PROBLEM STATEMENT:
Repeat each entry exactly. Drop every image.

[Stored dataset items]
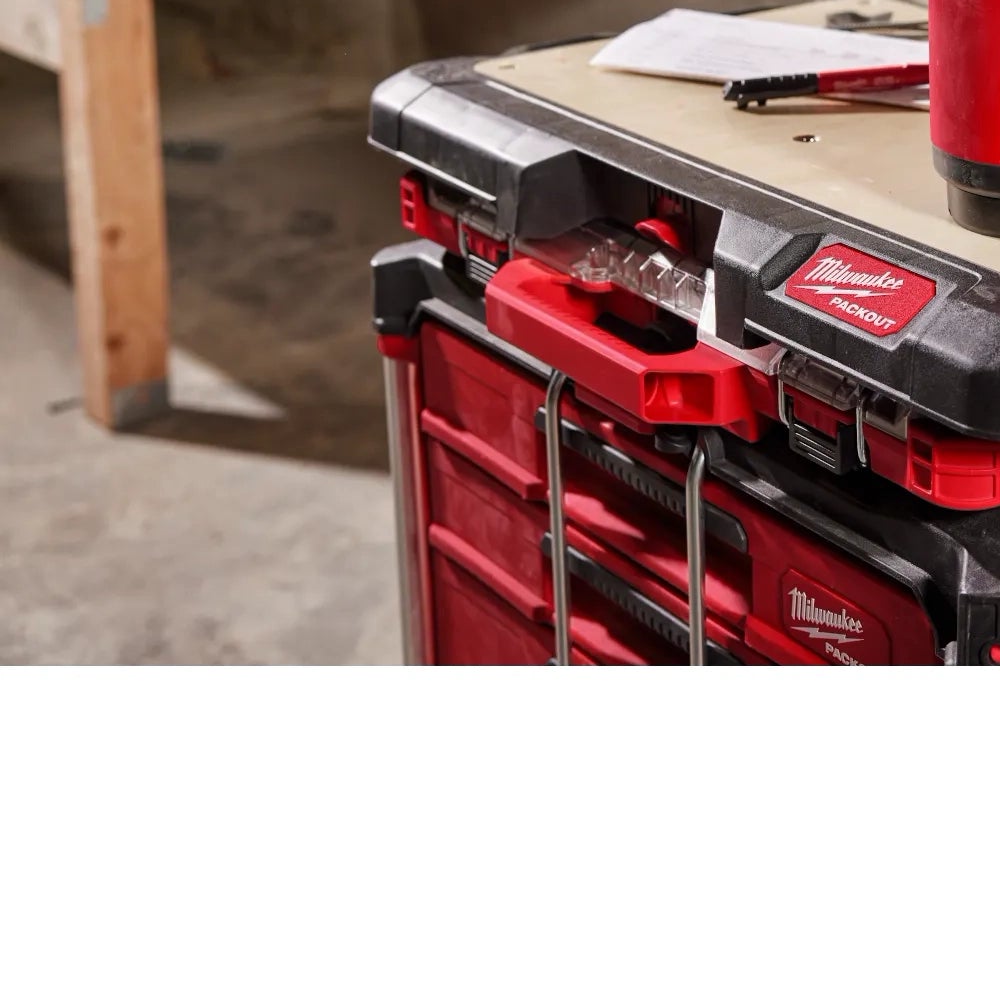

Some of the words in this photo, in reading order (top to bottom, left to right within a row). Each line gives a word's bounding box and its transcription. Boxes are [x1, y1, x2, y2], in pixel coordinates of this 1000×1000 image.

[804, 256, 904, 289] Milwaukee
[828, 297, 897, 330] PACKOUT
[787, 587, 865, 633] Milwaukee
[825, 642, 866, 666] PACK

EXERCISE OUTPUT:
Some of the words in this photo, in reading order (top to bottom, left to right within a row). Each line gives a word's bounding box and its transcription. Boxes are [x1, y1, x2, y2], in pixel coordinates of this 1000×1000 image.

[804, 256, 904, 289] Milwaukee
[828, 297, 897, 330] PACKOUT
[787, 587, 865, 633] Milwaukee
[825, 642, 866, 666] PACK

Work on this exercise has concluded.